### Data for analysis ###

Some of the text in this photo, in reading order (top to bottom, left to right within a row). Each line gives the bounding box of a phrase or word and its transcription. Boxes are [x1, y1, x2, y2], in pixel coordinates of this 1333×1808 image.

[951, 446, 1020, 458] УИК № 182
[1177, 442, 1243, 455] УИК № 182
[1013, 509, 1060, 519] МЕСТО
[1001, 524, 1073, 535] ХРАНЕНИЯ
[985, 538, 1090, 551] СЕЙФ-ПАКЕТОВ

###

◆ What is required ◆
Take the entries above and set them all down again exactly as they read.

◆ Task output ◆
Some of the text in this photo, in reading order (top to bottom, left to right within a row). Each line gives the bounding box of a phrase or word and its transcription. Boxes are [x1, y1, x2, y2], in pixel coordinates of this 1333×1808 image.

[951, 446, 1020, 458] УИК № 182
[1177, 442, 1243, 455] УИК № 182
[1013, 509, 1060, 519] МЕСТО
[1001, 524, 1073, 535] ХРАНЕНИЯ
[985, 538, 1090, 551] СЕЙФ-ПАКЕТОВ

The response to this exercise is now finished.